### DATASET CONTENT
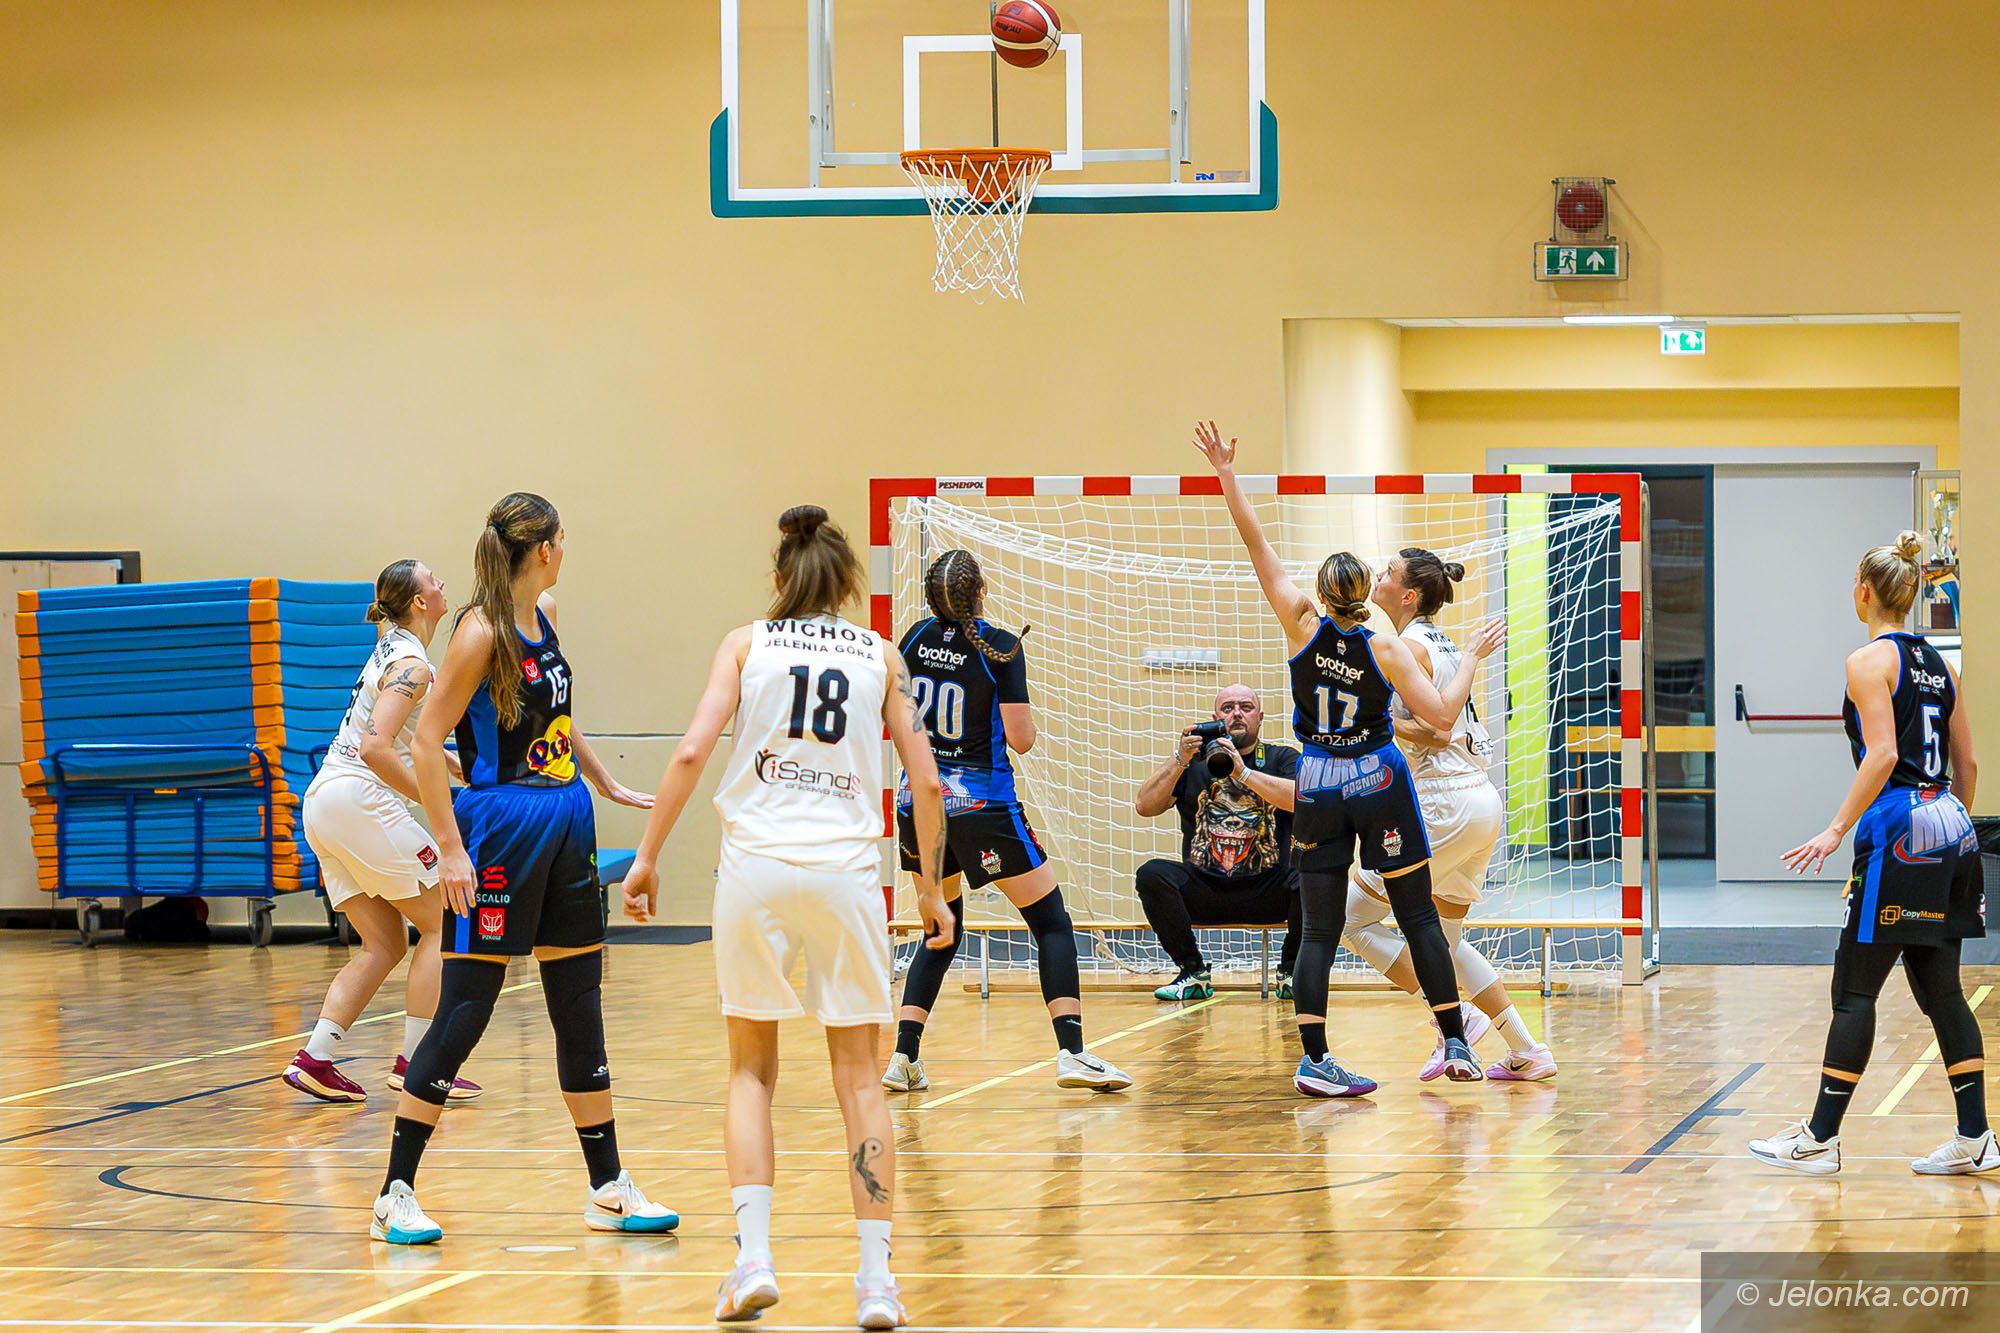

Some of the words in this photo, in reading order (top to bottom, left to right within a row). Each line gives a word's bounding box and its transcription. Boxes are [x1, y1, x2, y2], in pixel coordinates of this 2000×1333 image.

[765, 638, 828, 652] JELENIA
[918, 644, 967, 665] brother
[930, 661, 944, 670] your
[944, 663, 956, 671] side
[1315, 653, 1364, 680] brother
[546, 664, 568, 709] 15
[788, 665, 849, 744] 18
[912, 676, 964, 740] 20
[1314, 685, 1360, 733] 17
[1921, 704, 1941, 778] 5
[476, 893, 510, 904] SCALIO
[1901, 909, 1945, 920] CopyMaster
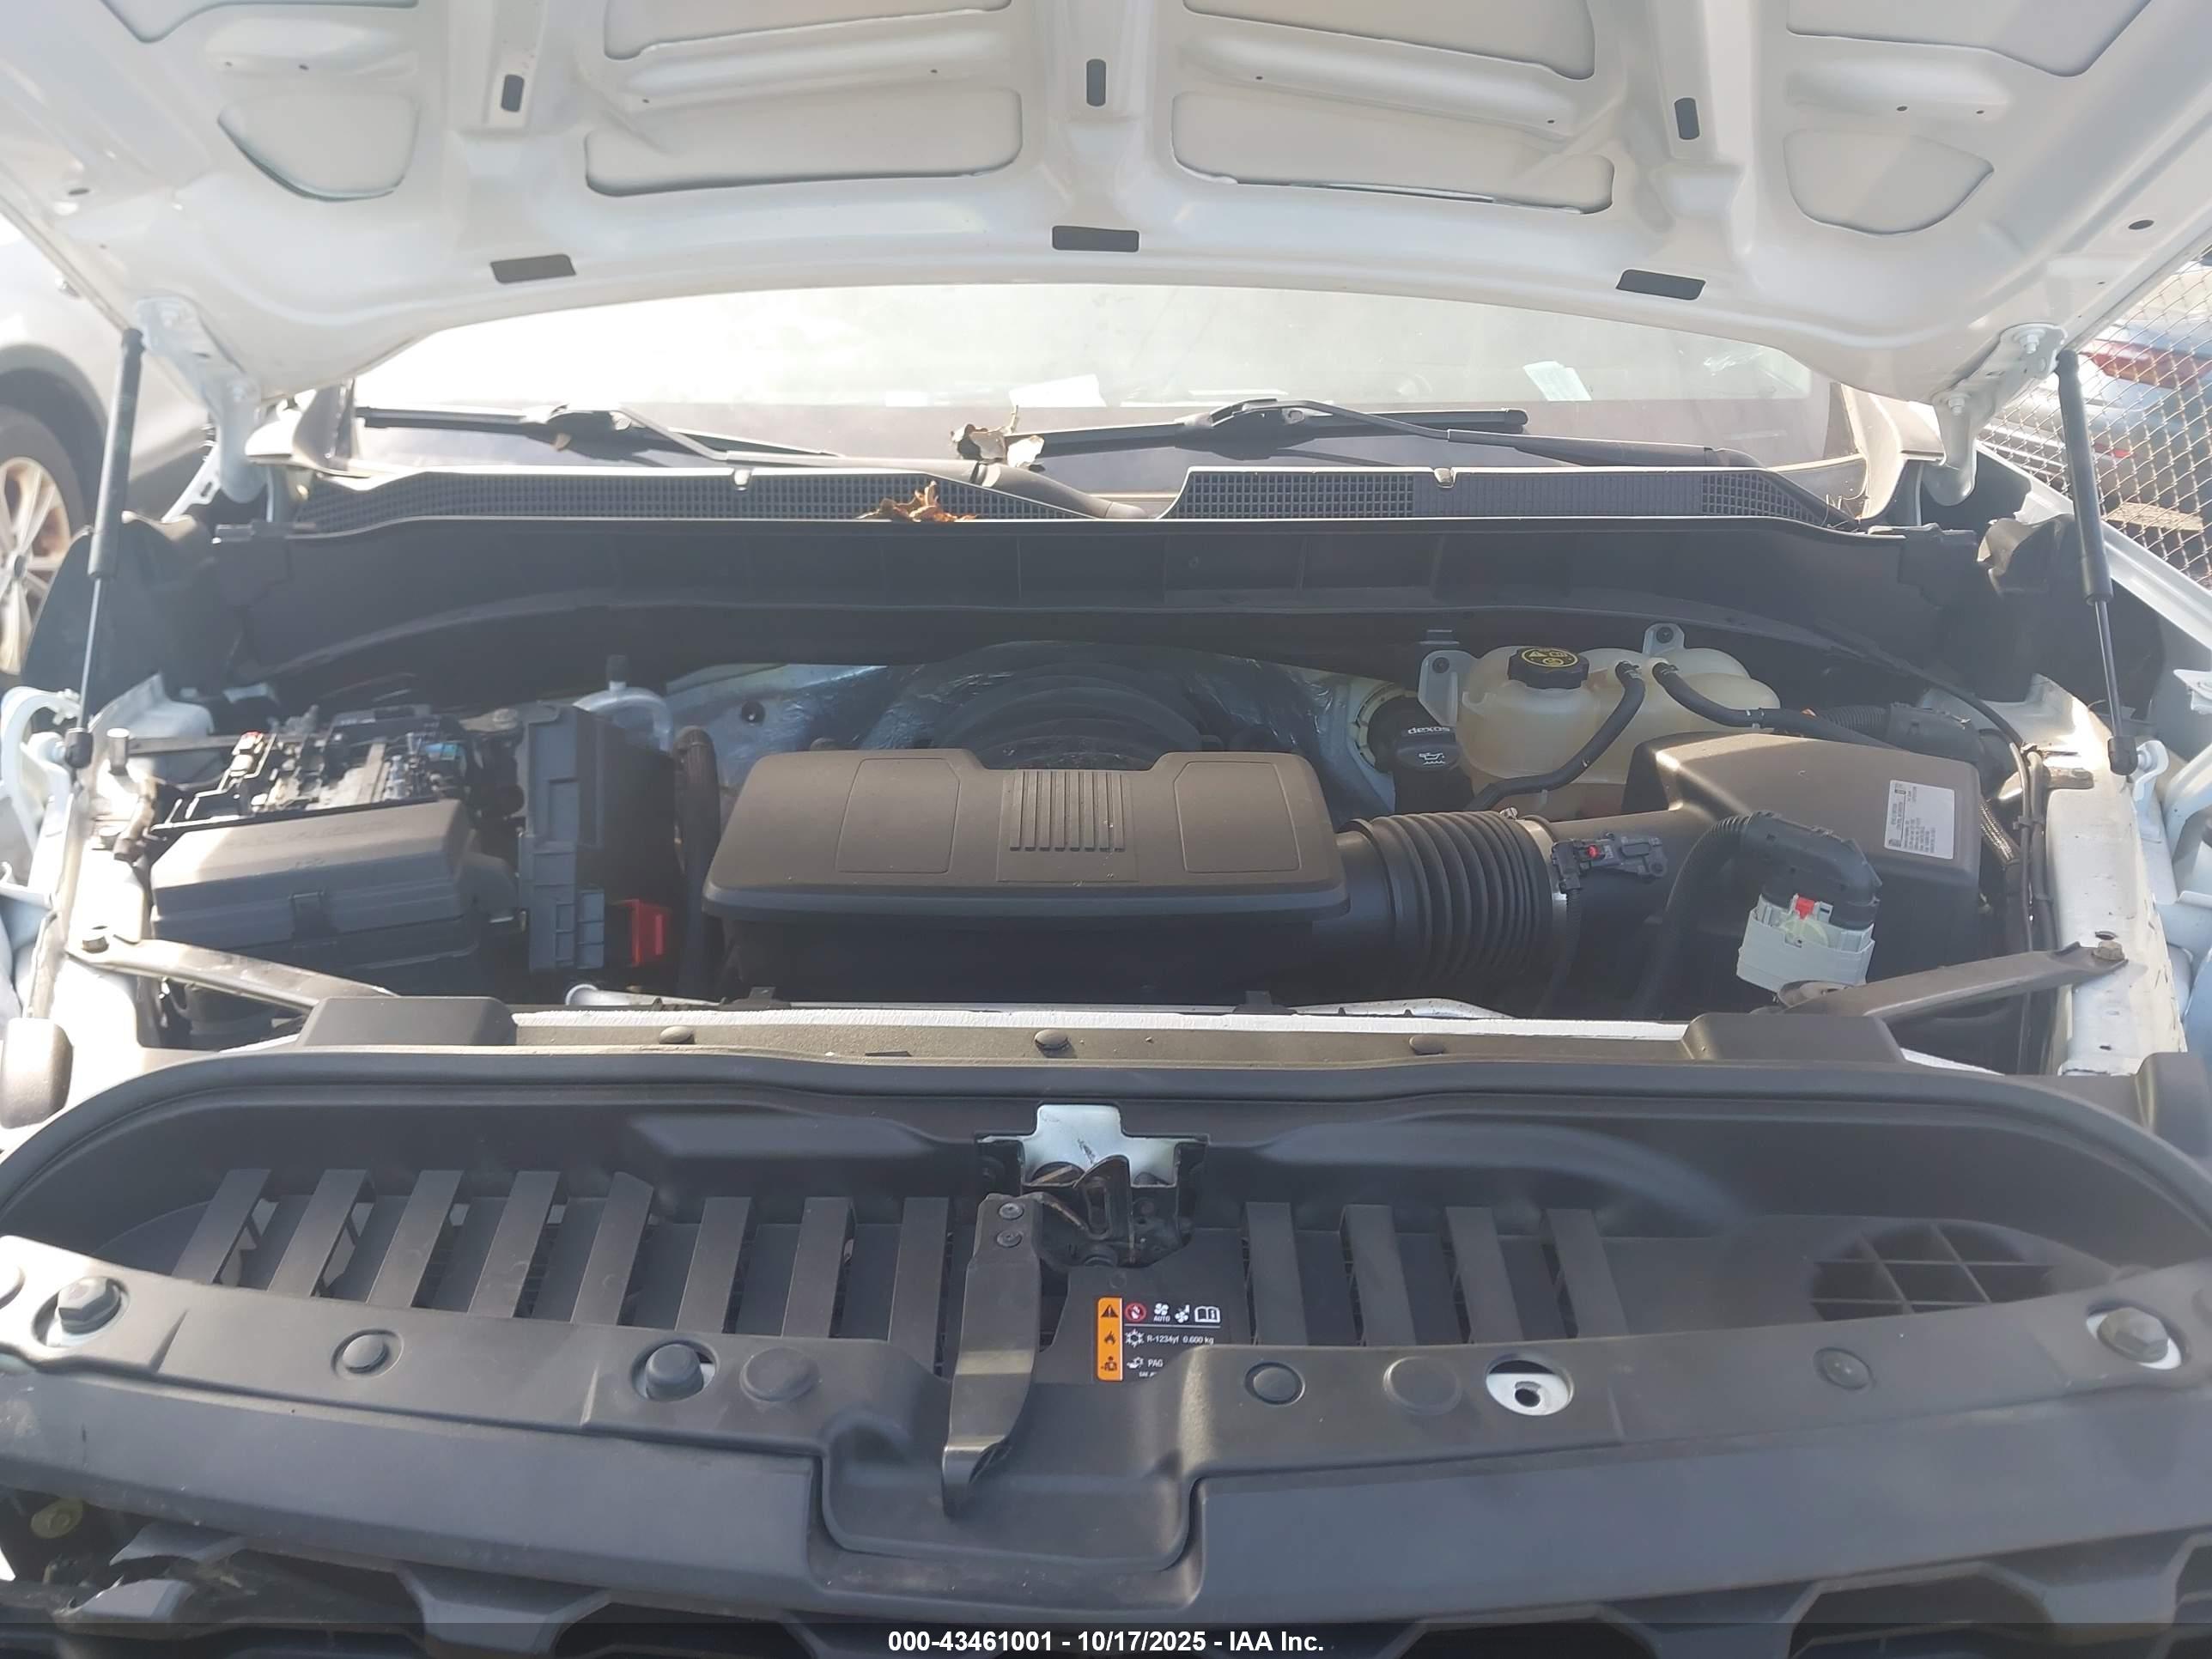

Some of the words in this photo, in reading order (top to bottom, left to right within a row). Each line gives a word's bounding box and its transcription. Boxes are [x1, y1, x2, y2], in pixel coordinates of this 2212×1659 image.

### PROBLEM TO SOLVE
Strip out the pictures and quote the remaining data word for word.

### FINAL ANSWER
Some of the words in this photo, in reading order (top to bottom, left to right within a row). Each line gives a word's bounding box and its transcription. Boxes are [x1, y1, x2, y2], in pixel coordinates of this 2000×1333 image.

[765, 638, 828, 652] JELENIA
[918, 644, 967, 665] brother
[930, 661, 944, 670] your
[944, 663, 956, 671] side
[1315, 653, 1364, 680] brother
[546, 664, 568, 709] 15
[788, 665, 849, 744] 18
[912, 676, 964, 740] 20
[1314, 685, 1360, 733] 17
[1921, 704, 1941, 778] 5
[476, 893, 510, 904] SCALIO
[1901, 909, 1945, 920] CopyMaster

Some of the words in this photo, in reading order (top to bottom, left to right within a row). Each line gives a word's bounding box and its transcription. Boxes are [x1, y1, x2, y2], in pixel coordinates of this 2212×1659 image.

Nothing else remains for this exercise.